> [EXERCISE OBJECTIVE] Every entry in the data that follows should come back exactly, pictures aside.

Segment Start: DATA RECORDS

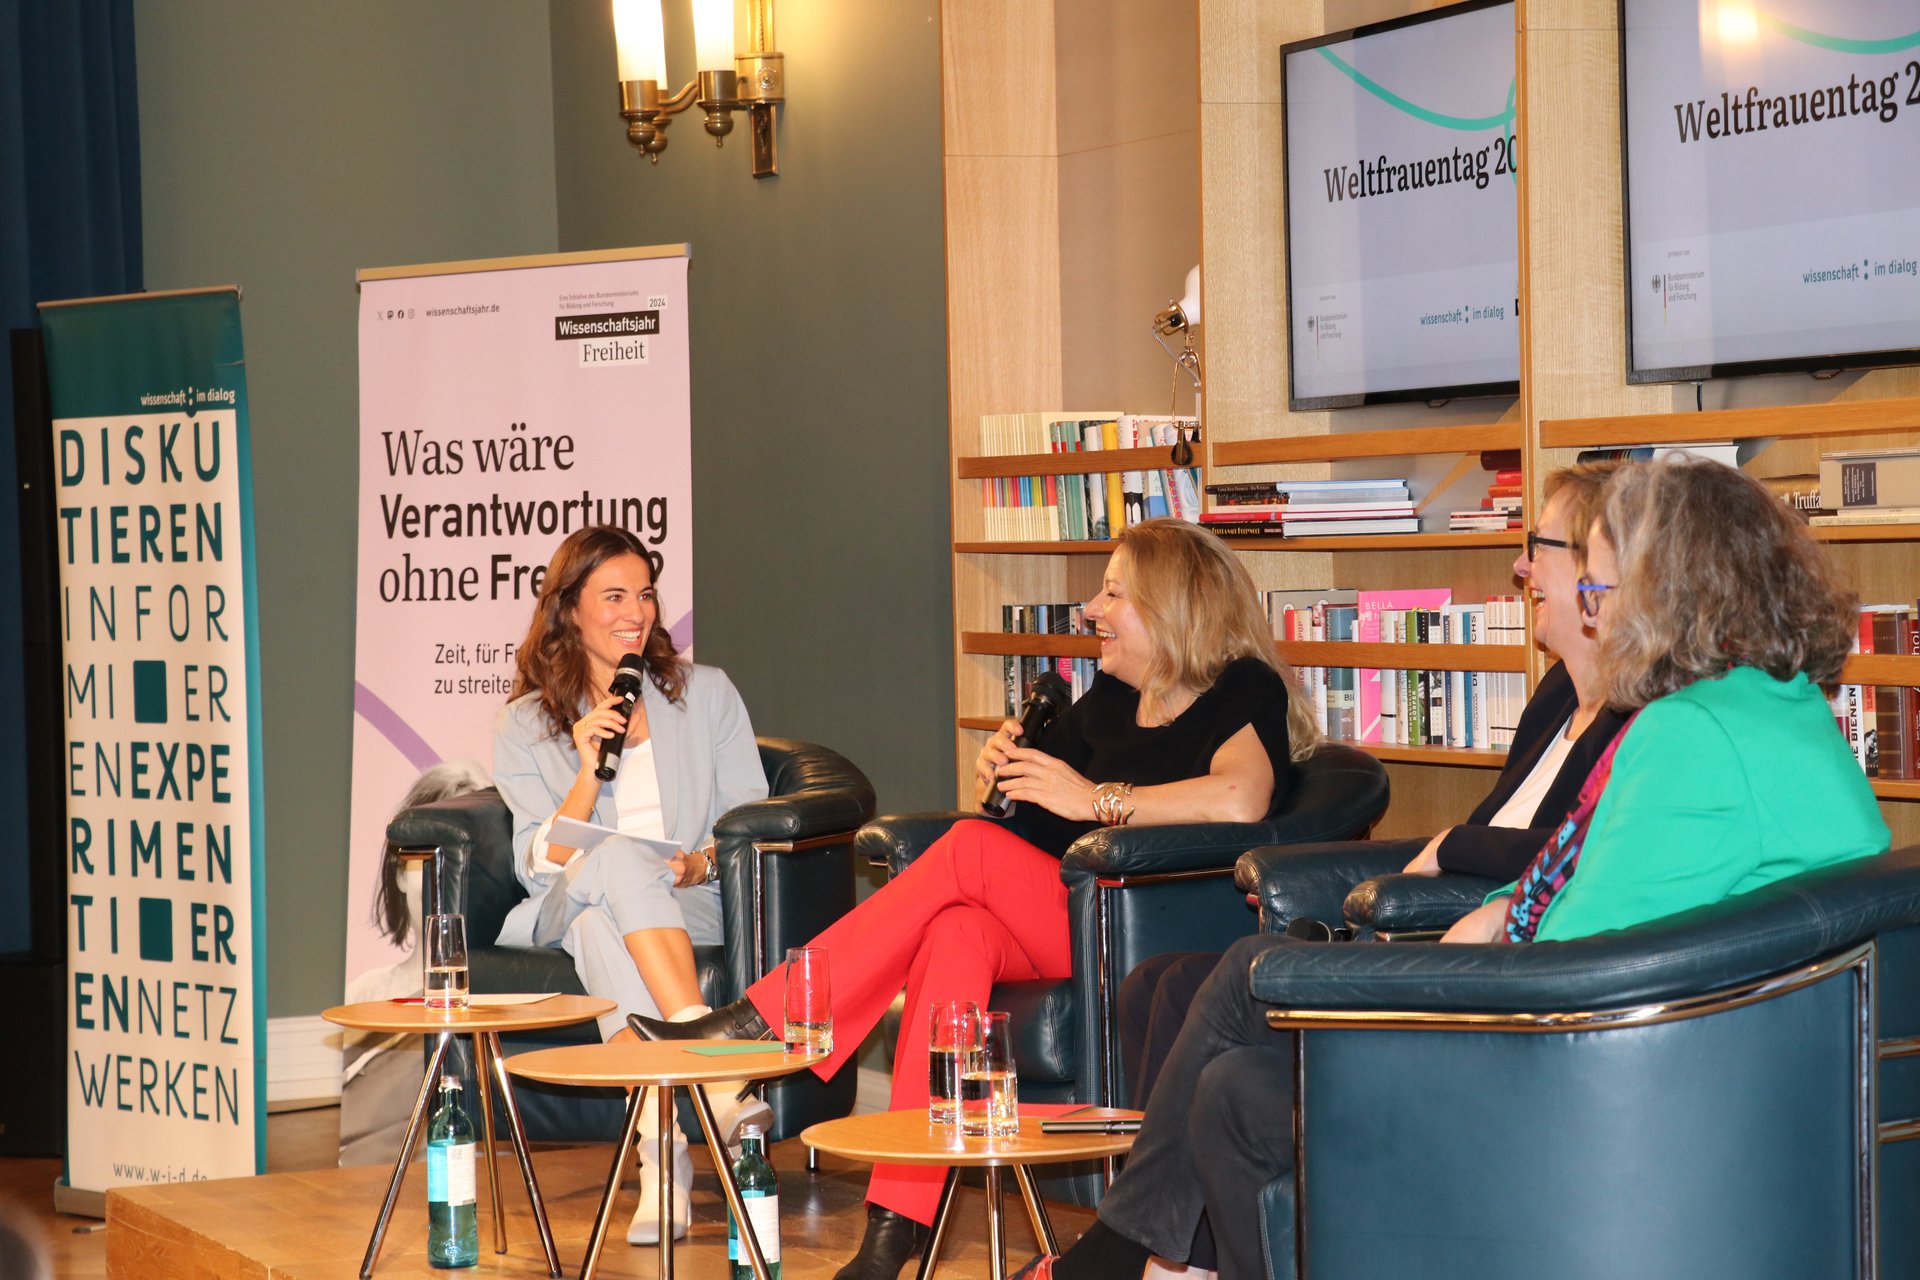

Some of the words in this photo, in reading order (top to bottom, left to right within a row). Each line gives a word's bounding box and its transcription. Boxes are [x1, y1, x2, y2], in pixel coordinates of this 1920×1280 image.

[1674, 71, 1899, 144] Weltfrauentag
[1324, 146, 1490, 203] Weltfrauentag
[1494, 135, 1517, 176] 20
[1803, 263, 1860, 284] wissenschaft
[1874, 261, 1886, 276] im
[1888, 258, 1917, 277] dialog
[425, 304, 500, 317] wissenschaftsjahr.de
[559, 315, 656, 336] Wissenschaftsjahr
[649, 298, 666, 308] 2024
[1420, 308, 1463, 326] wissenschaft
[1472, 307, 1482, 320] im
[1483, 305, 1505, 321] dialog
[583, 340, 646, 362] Freiheit
[140, 389, 186, 406] wissenschaft
[196, 389, 206, 402] im
[207, 387, 235, 405] dialog
[60, 421, 220, 487] DISKU
[381, 429, 464, 477] Was
[472, 422, 575, 473] wäre
[60, 502, 223, 565] TIEREN
[380, 490, 668, 545] Verantwortung
[379, 553, 480, 603] ohne
[65, 584, 229, 642] INFOR
[1365, 601, 1393, 610] BELLA
[435, 643, 470, 667] Zeit,
[476, 643, 500, 664] für
[434, 679, 453, 694] zu
[1849, 687, 1859, 742] BIENEN
[70, 817, 232, 884] RIMEN
[74, 1049, 239, 1125] WERKEN

Segment End: DATA RECORDS

> [ANSWER FOR THIS EXERCISE]
Some of the words in this photo, in reading order (top to bottom, left to right within a row). Each line gives a word's bounding box and its transcription. Boxes are [x1, y1, x2, y2], in pixel coordinates of this 1920×1280 image.

[1674, 71, 1899, 144] Weltfrauentag
[1324, 146, 1490, 203] Weltfrauentag
[1494, 135, 1517, 176] 20
[1803, 263, 1860, 284] wissenschaft
[1874, 261, 1886, 276] im
[1888, 258, 1917, 277] dialog
[425, 304, 500, 317] wissenschaftsjahr.de
[559, 315, 656, 336] Wissenschaftsjahr
[649, 298, 666, 308] 2024
[1420, 308, 1463, 326] wissenschaft
[1472, 307, 1482, 320] im
[1483, 305, 1505, 321] dialog
[583, 340, 646, 362] Freiheit
[140, 389, 186, 406] wissenschaft
[196, 389, 206, 402] im
[207, 387, 235, 405] dialog
[60, 421, 220, 487] DISKU
[381, 429, 464, 477] Was
[472, 422, 575, 473] wäre
[60, 502, 223, 565] TIEREN
[380, 490, 668, 545] Verantwortung
[379, 553, 480, 603] ohne
[65, 584, 229, 642] INFOR
[1365, 601, 1393, 610] BELLA
[435, 643, 470, 667] Zeit,
[476, 643, 500, 664] für
[434, 679, 453, 694] zu
[1849, 687, 1859, 742] BIENEN
[70, 817, 232, 884] RIMEN
[74, 1049, 239, 1125] WERKEN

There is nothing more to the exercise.